Supplied data:
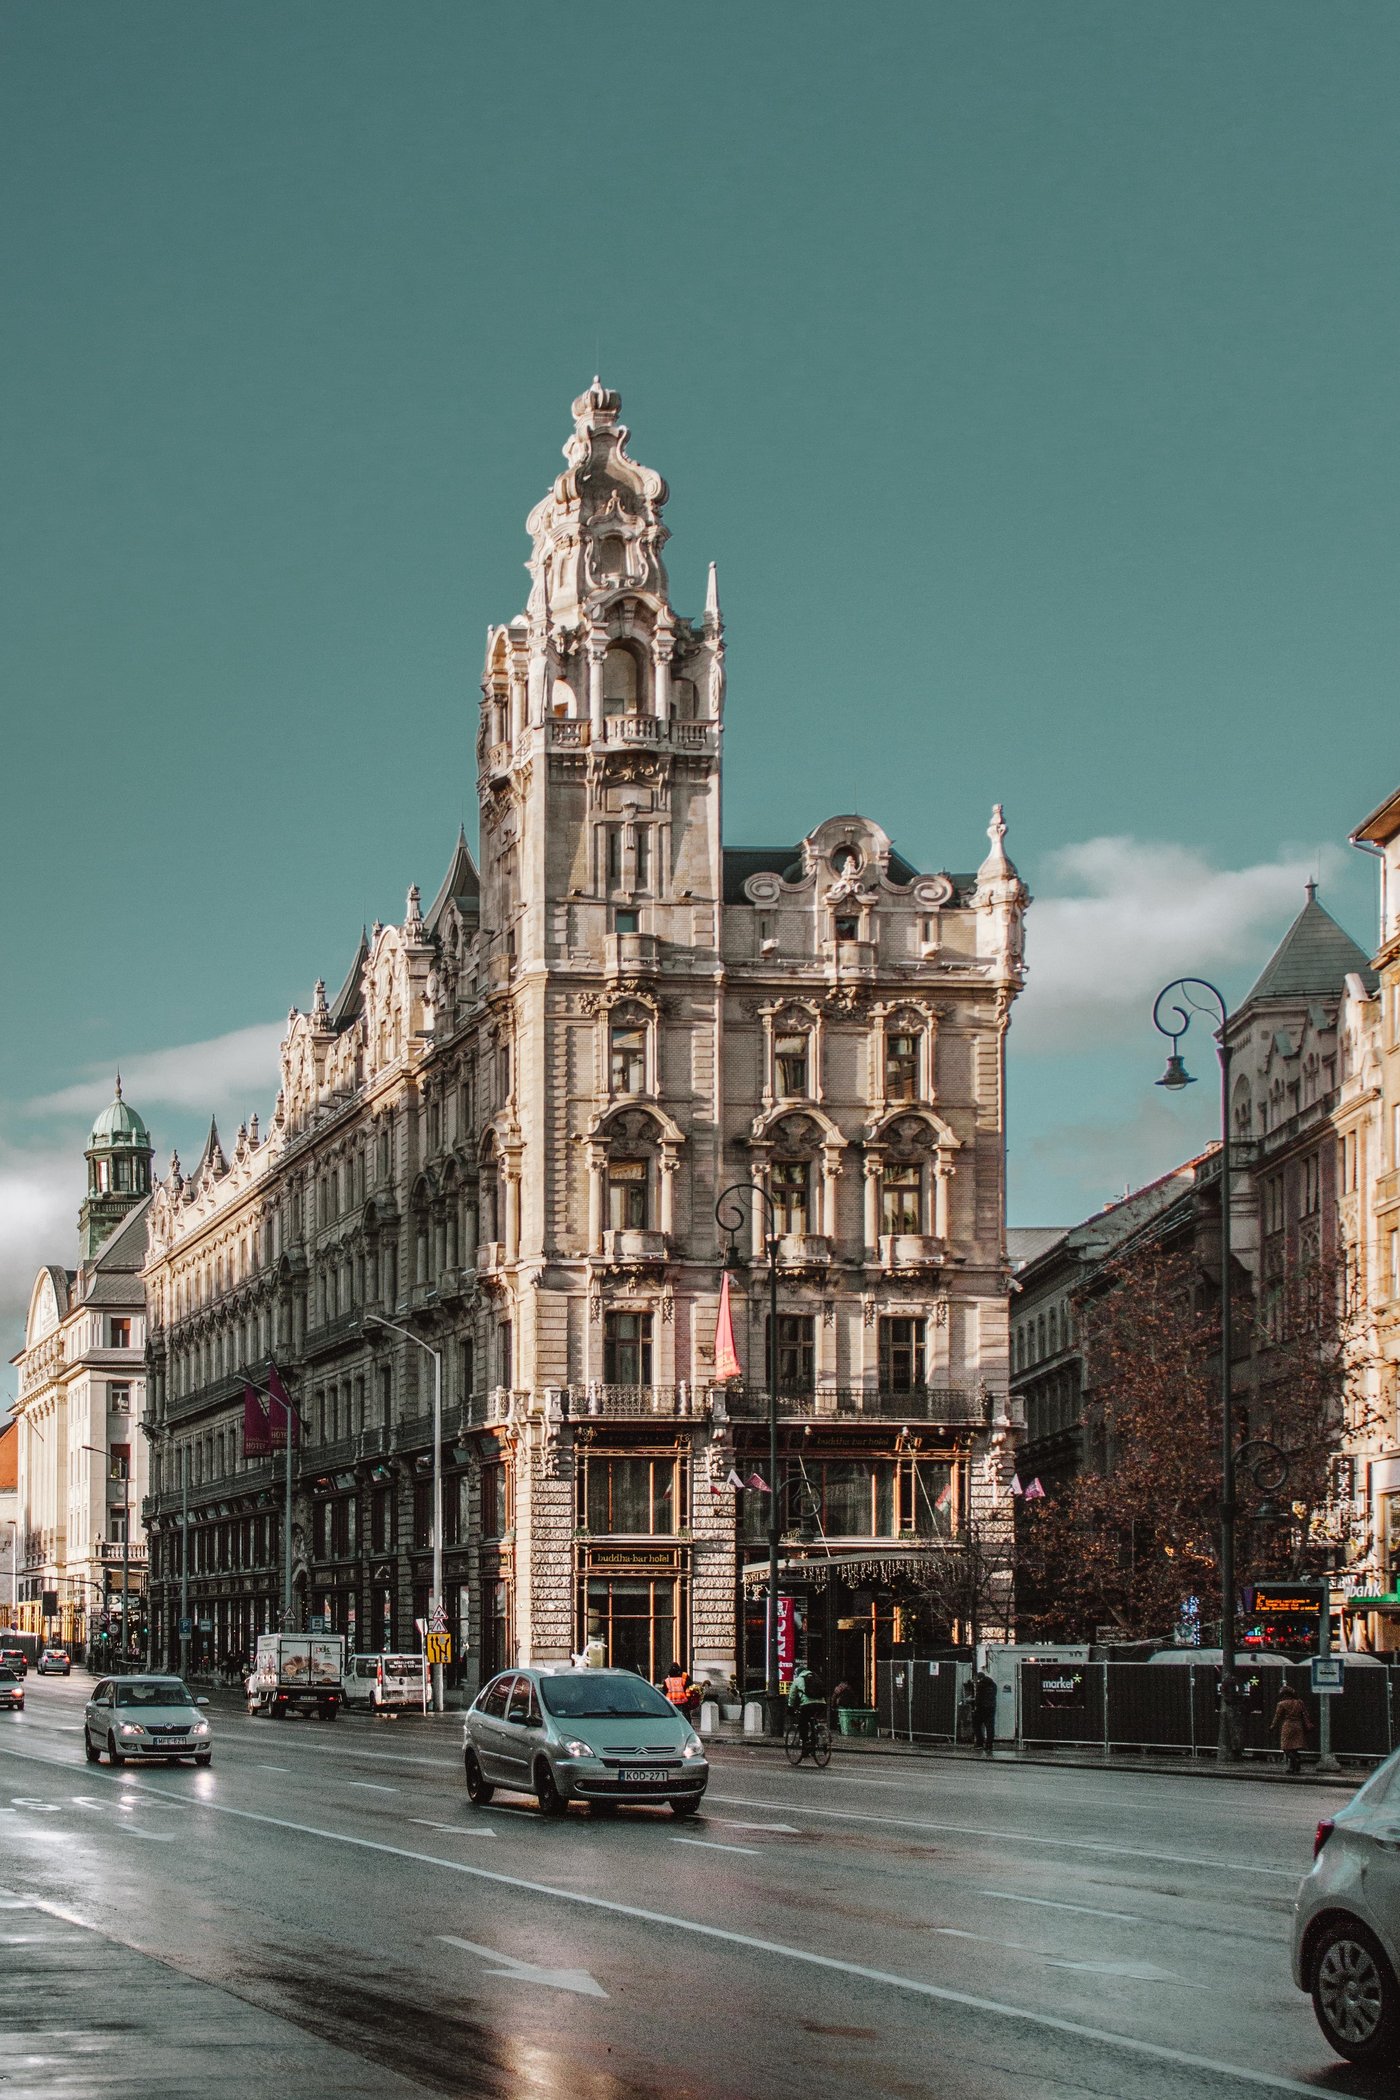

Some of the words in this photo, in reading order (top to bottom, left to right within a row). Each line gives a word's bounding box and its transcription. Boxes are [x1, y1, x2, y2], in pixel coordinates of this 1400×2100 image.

[597, 1553, 648, 1563] buddha-bar
[648, 1553, 670, 1563] hotel
[1042, 1676, 1074, 1689] market
[626, 1771, 665, 1780] KOD-271
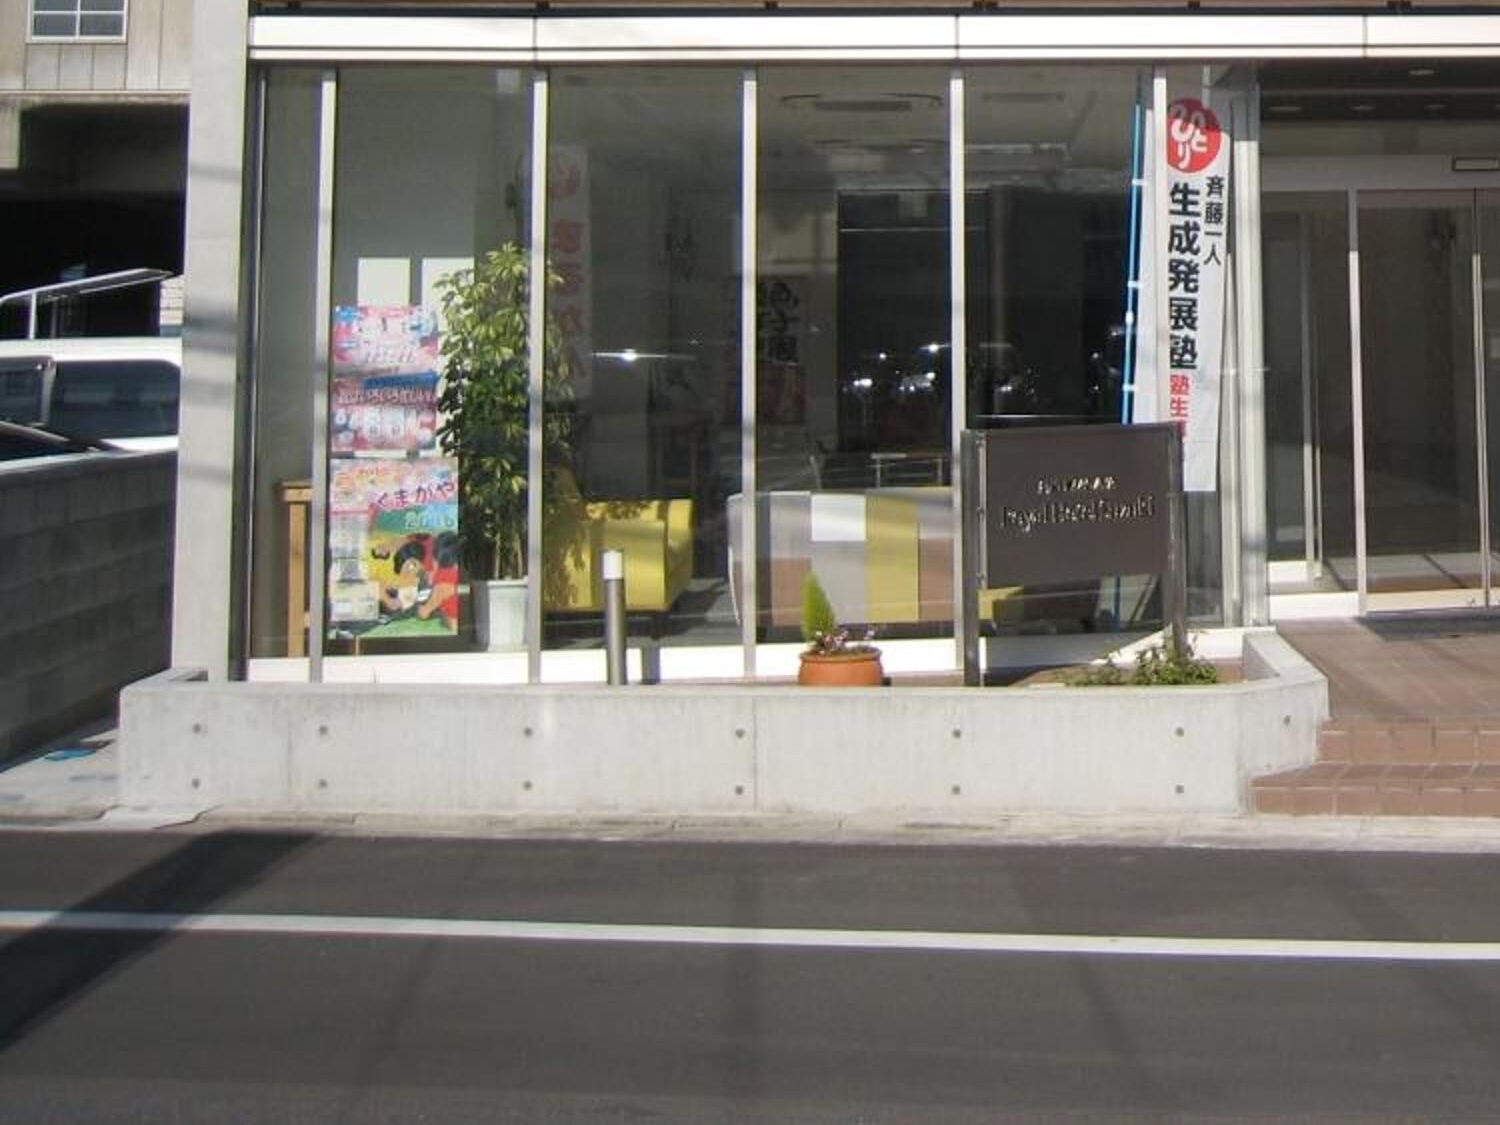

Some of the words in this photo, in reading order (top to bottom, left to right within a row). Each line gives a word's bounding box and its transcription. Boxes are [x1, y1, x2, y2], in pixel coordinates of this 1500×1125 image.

Required work: Retype the lines above exactly, no pictures.

Solution to this task:
Some of the words in this photo, in reading order (top to bottom, left to right within a row). Each line gives a word's bounding box and its transcription. Boxes are [x1, y1, x2, y2], in pixel coordinates of this 1400×2100 image.

[597, 1553, 648, 1563] buddha-bar
[648, 1553, 670, 1563] hotel
[1042, 1676, 1074, 1689] market
[626, 1771, 665, 1780] KOD-271

Some of the words in this photo, in reading order (top to bottom, left to right within a row). Each line gives a word's bounding box and its transcription. Boxes are [x1, y1, x2, y2], in pixel coordinates of this 1500×1125 image.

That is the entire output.